One of the simplest and easiest ways to boost returns in the long-term is to invest in dividend-paying stocks and then reinvesting dividends. Automatic buying of additional shares when dividends are received leads to compounding of returns since stock prices usually go higher. During periods of market volatility dividend reinvesting is even better since additional shares even fractional ones can be picked up at lower price points. While increase in stock prices leads to faster wealth creation, it is mostly possible with only growth stocks. And by definition, when growth slows or stops, these stocks tend to stay flat or even go lower. With no dividends paid it is even possible to hold for years with no benefits realized.
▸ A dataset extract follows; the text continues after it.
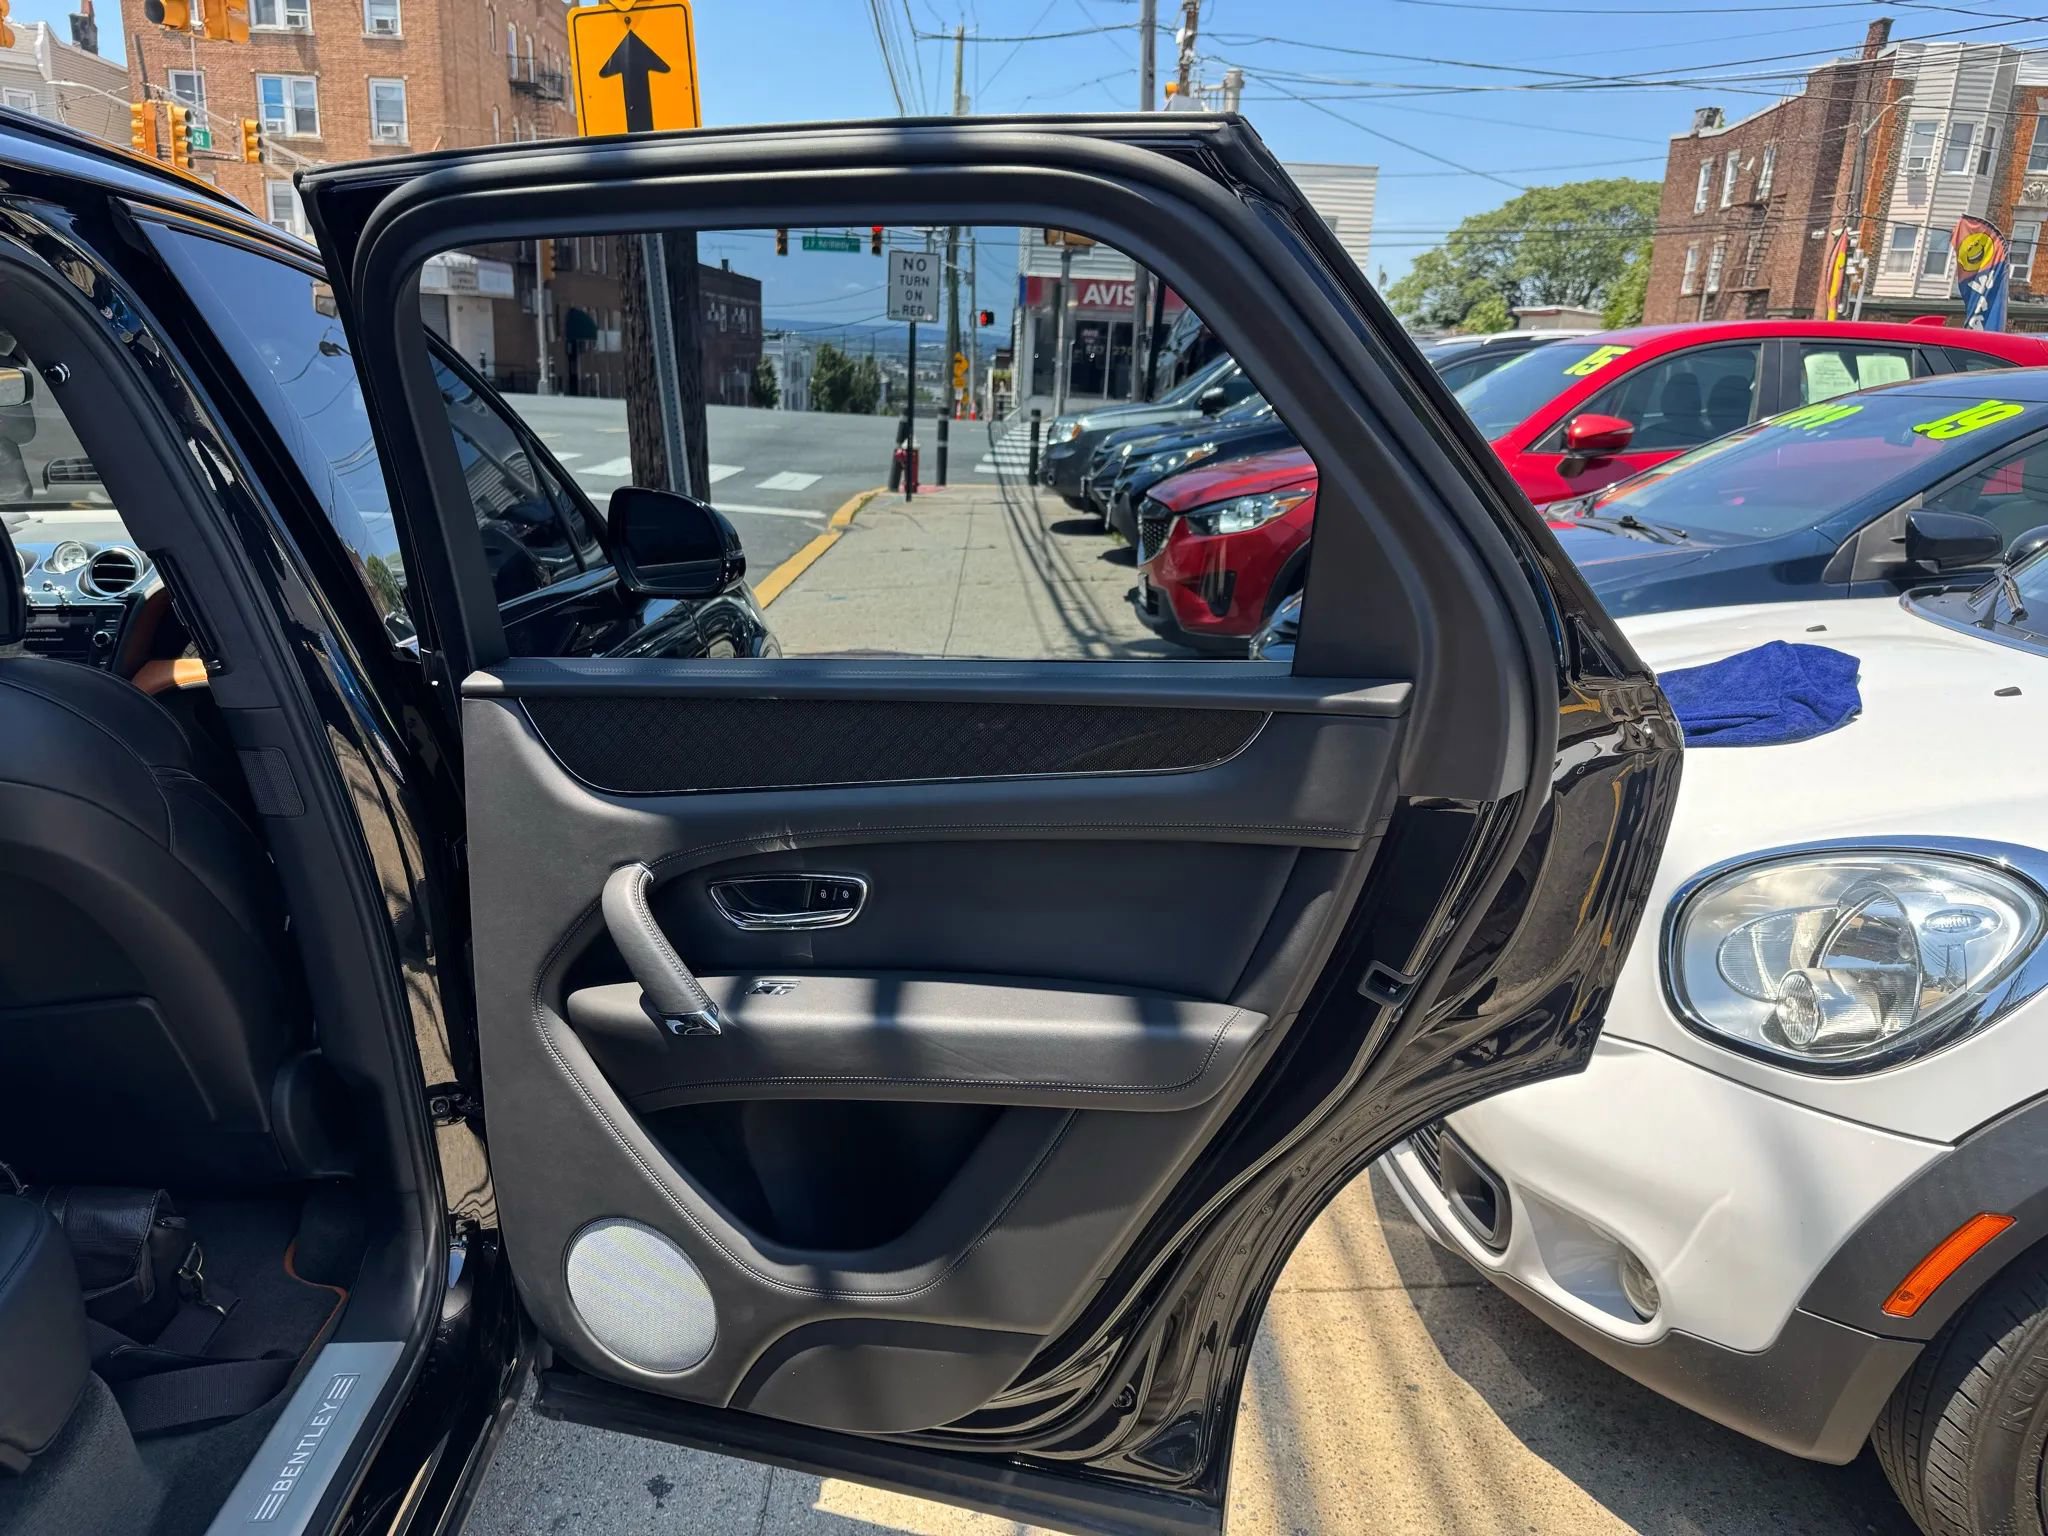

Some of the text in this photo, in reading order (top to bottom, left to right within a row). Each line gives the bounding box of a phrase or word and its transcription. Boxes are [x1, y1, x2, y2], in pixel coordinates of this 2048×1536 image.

The current dividend yield on the S&P 500 is 1.37%. However many stocks pay much higher than this yield. Some of the sectors that traditionally have higher dividend yields are Consumer Staples, Utilities, Real Estate and Energy. Plenty of stocks paying dividends of 3% can easily be found in these sectors.
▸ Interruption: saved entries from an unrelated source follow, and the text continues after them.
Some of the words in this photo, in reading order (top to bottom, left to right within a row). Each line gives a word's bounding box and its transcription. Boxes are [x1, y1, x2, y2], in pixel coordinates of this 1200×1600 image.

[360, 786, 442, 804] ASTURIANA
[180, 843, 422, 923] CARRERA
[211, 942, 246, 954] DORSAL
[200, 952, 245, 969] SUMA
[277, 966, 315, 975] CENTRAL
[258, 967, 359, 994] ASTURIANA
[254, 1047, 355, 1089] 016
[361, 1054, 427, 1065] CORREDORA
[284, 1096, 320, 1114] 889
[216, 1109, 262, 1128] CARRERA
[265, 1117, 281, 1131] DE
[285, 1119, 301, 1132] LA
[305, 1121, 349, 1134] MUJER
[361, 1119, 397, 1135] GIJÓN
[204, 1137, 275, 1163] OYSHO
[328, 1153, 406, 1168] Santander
According to an article at BNY Mellon, an astonishing 43% of the S&P 500 Total Return from 2000 to mid-2020 was due to dividends. From the piece:
Dividends: An important component of total return
The historically superior long-term returns of stocks come not just from price growth, but also from the dividends that many companies pay to their shareholders. Reinvesting those dividends allows investors to purchase more shares, which can help their assets grow faster.
As the chart below illustrates, 43% of the total return of stocks since 2000 has been due to the compounding effect of reinvested dividends.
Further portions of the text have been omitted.